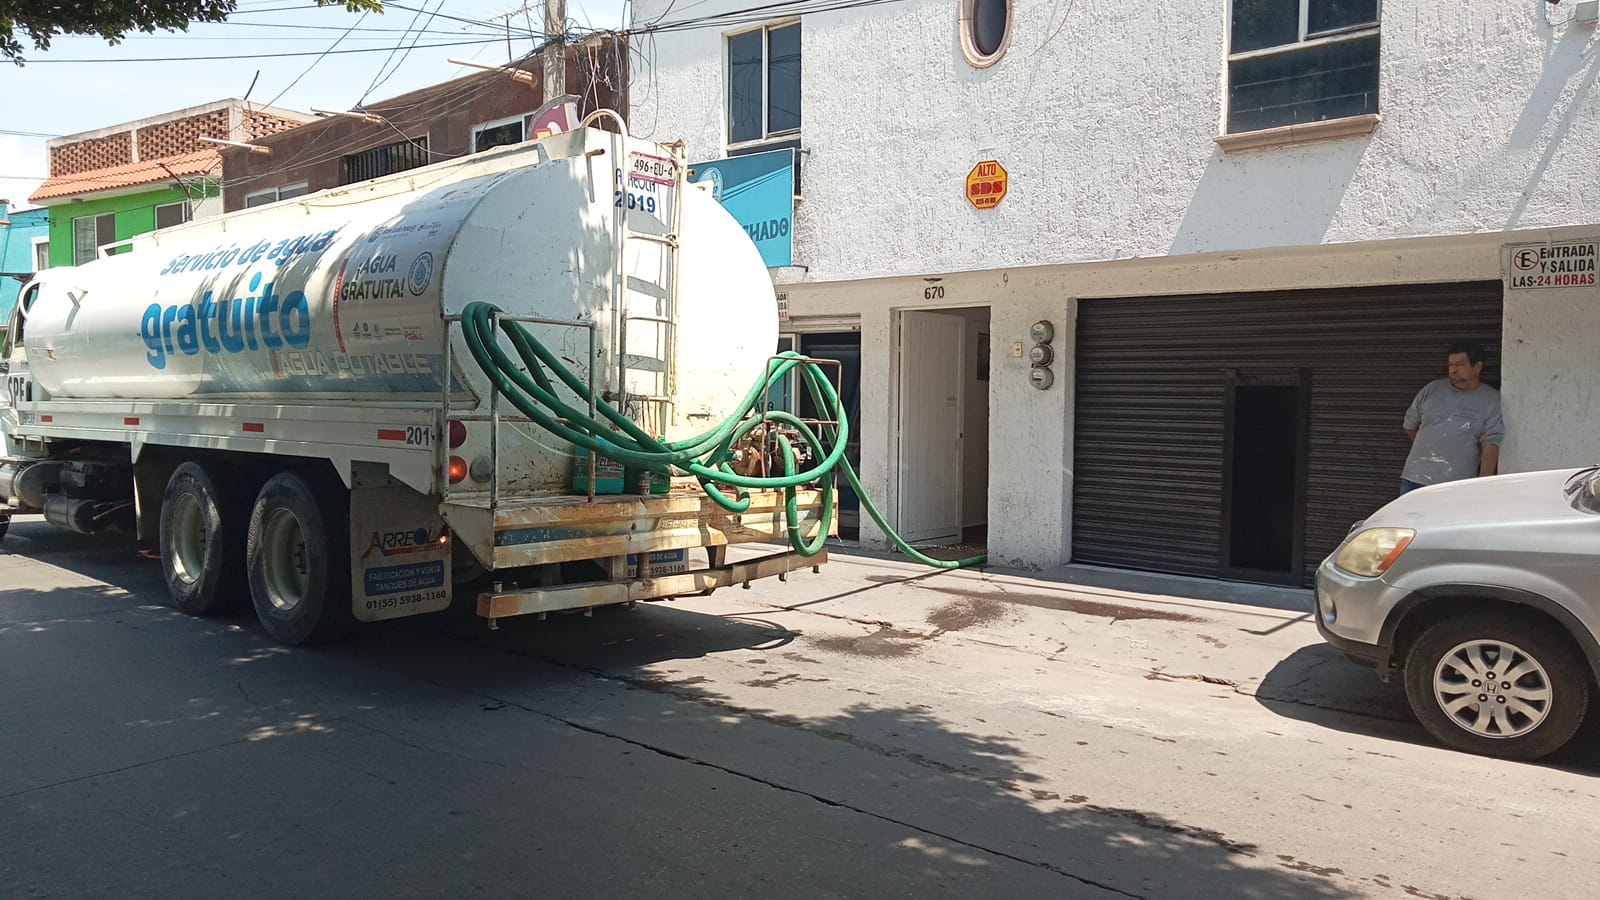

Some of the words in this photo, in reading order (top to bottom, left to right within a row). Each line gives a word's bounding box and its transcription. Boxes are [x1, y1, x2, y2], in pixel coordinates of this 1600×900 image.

[633, 159, 673, 178] 496-EU-4
[977, 164, 997, 177] ALTO
[614, 191, 656, 213] 2019
[160, 242, 242, 276] Servicio
[237, 238, 271, 266] de
[267, 230, 337, 267] agua
[1540, 245, 1595, 259] ENTRADA
[1540, 261, 1547, 273] Y
[1550, 259, 1595, 273] SALIDA
[341, 278, 405, 301] GRATUITA!
[1513, 276, 1534, 287] LAS
[1537, 275, 1551, 287] 24
[1554, 273, 1595, 286] HORAS
[924, 286, 945, 300] 670
[141, 271, 311, 370] gratuito
[280, 351, 330, 376] AGUA
[406, 426, 434, 446] 201
[421, 565, 441, 576] VENTA
[375, 580, 408, 592] TANQUES
[366, 598, 397, 610] 01(55)
[400, 590, 447, 605] 5938-1160

====

● **PROBLEM REQUIREMENTS**:
What you print must match the entries exactly, except that no pictures appear.

● **TASK OUTPUT**:
Some of the words in this photo, in reading order (top to bottom, left to right within a row). Each line gives a word's bounding box and its transcription. Boxes are [x1, y1, x2, y2], in pixel coordinates of this 1600×900 image.

[633, 159, 673, 178] 496-EU-4
[977, 164, 997, 177] ALTO
[614, 191, 656, 213] 2019
[160, 242, 242, 276] Servicio
[237, 238, 271, 266] de
[267, 230, 337, 267] agua
[1540, 245, 1595, 259] ENTRADA
[1540, 261, 1547, 273] Y
[1550, 259, 1595, 273] SALIDA
[341, 278, 405, 301] GRATUITA!
[1513, 276, 1534, 287] LAS
[1537, 275, 1551, 287] 24
[1554, 273, 1595, 286] HORAS
[924, 286, 945, 300] 670
[141, 271, 311, 370] gratuito
[280, 351, 330, 376] AGUA
[406, 426, 434, 446] 201
[421, 565, 441, 576] VENTA
[375, 580, 408, 592] TANQUES
[366, 598, 397, 610] 01(55)
[400, 590, 447, 605] 5938-1160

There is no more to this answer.